シスターとは思えない強い目線が俺を睨みつけて思わず両肩が跳ね上がった。
「ひっ……すいませんシスター!」
「もっと舌っ足らずに、可愛らしく!」
「す、すいましぇん。しすたー!」
「わざとらしいわよ赤毛ちゃん。そんなんじゃあ女王にはなれないわよ!」
「女王になれなくてもいいです!! というか止めてあげてください! お兄さん可哀そう!」
そう、俺がいる場所は地下牢。何故かそこで俺は壁に繋いだ首輪をつけられ強制的に座らされている。何故なのかは分からない。身体が震えるが、それは目の前のアレなせいだと思いたい。
俺の目の前―――――シスターが足で踏んづけつつ鞭で叩いているのは男。男というか、教会とは全く関係なさそうなちょっと豪華な服を着ている人。幼女の前でSMプレイとかすげえイカれてるよなこのシスター。
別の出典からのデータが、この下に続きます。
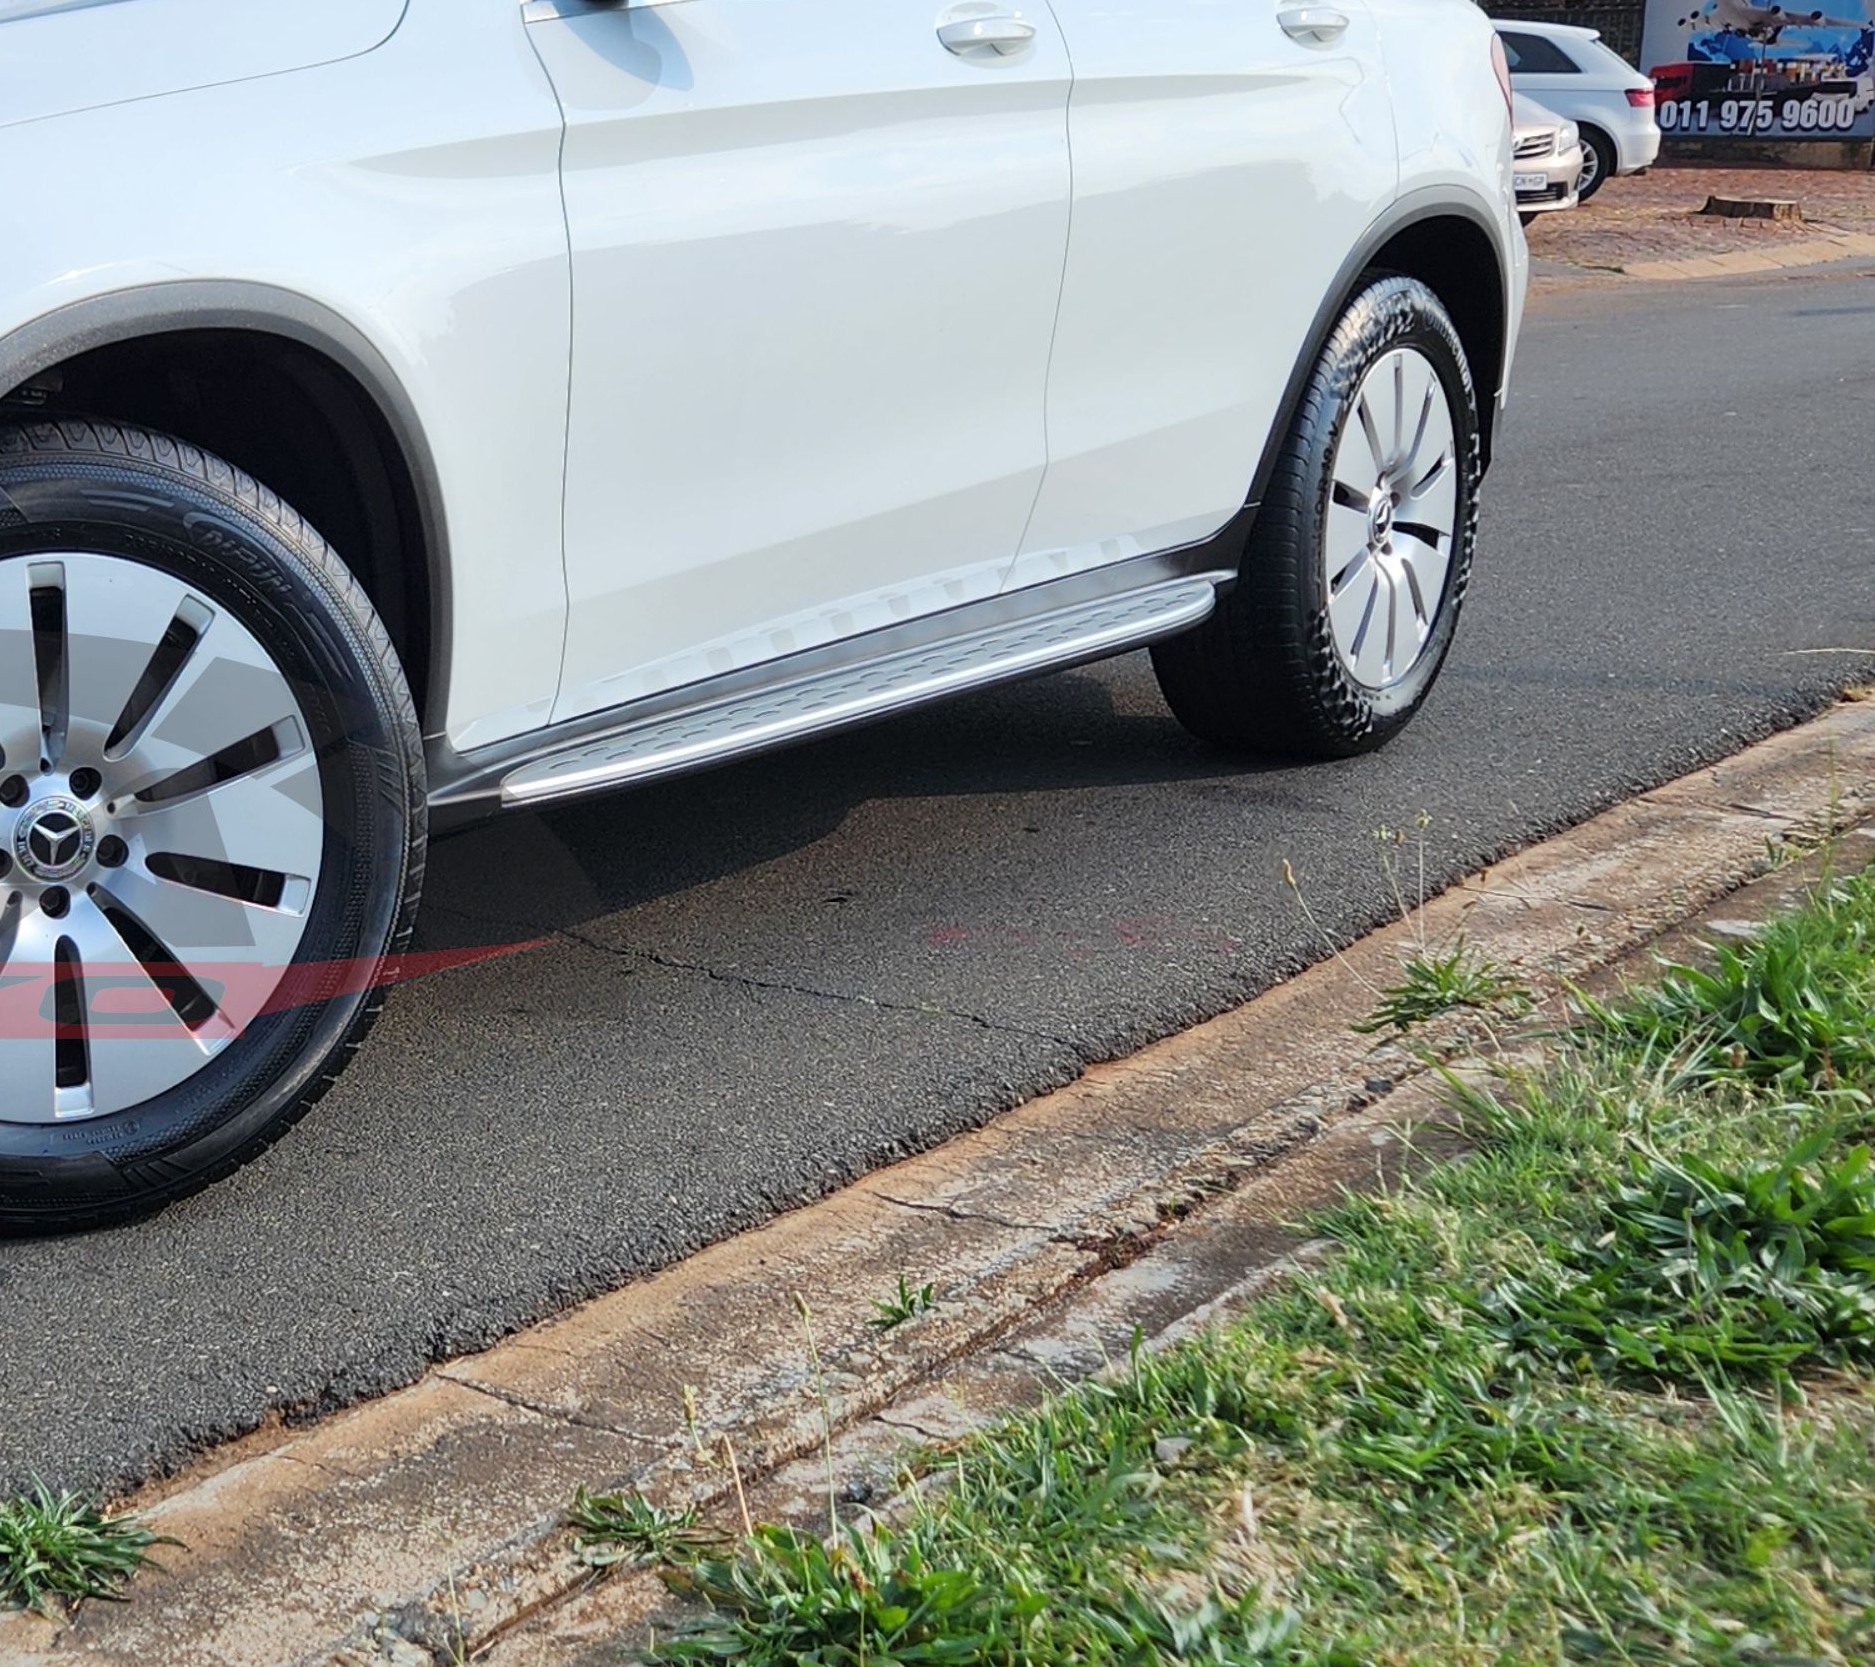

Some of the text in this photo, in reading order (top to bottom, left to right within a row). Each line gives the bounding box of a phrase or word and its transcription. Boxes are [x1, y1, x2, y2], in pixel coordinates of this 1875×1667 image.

[1659, 98, 1855, 131] 011 975 9600
それ言ったら俺の方が鞭で叩かれそうだ。絶対に言うのは止めよう。
「うふふふふっ。赤毛ちゃんは今何を考えていたのかなぁー?」
「ヒッ――――た、ただお兄さんが可哀そうと思ってました!」
「ああいいのよぉ。赤毛ちゃんたら優しいのね。この汚い金しか使わない脳のない塵を憐れむだなんて」
「ご、ごみ?」
「ええそうよ。それでこれは記念すべき第一歩よ。でも塵なんて気にしないで?」
「いやでも……」
「ねえ、赤毛ちゃん、もっともっといーっぱいお話しましょうよぉ。国家の薄汚い塵とか塵とかね?」
「は、はい……?」
鞭がピシャリと鳴らされた。
それと同時に地面に這いつくばる男の喜んだ声が聞こえてきた。
いやもう……まじでなんなのコレ……シスターさんめっちゃ怖いんですけど……。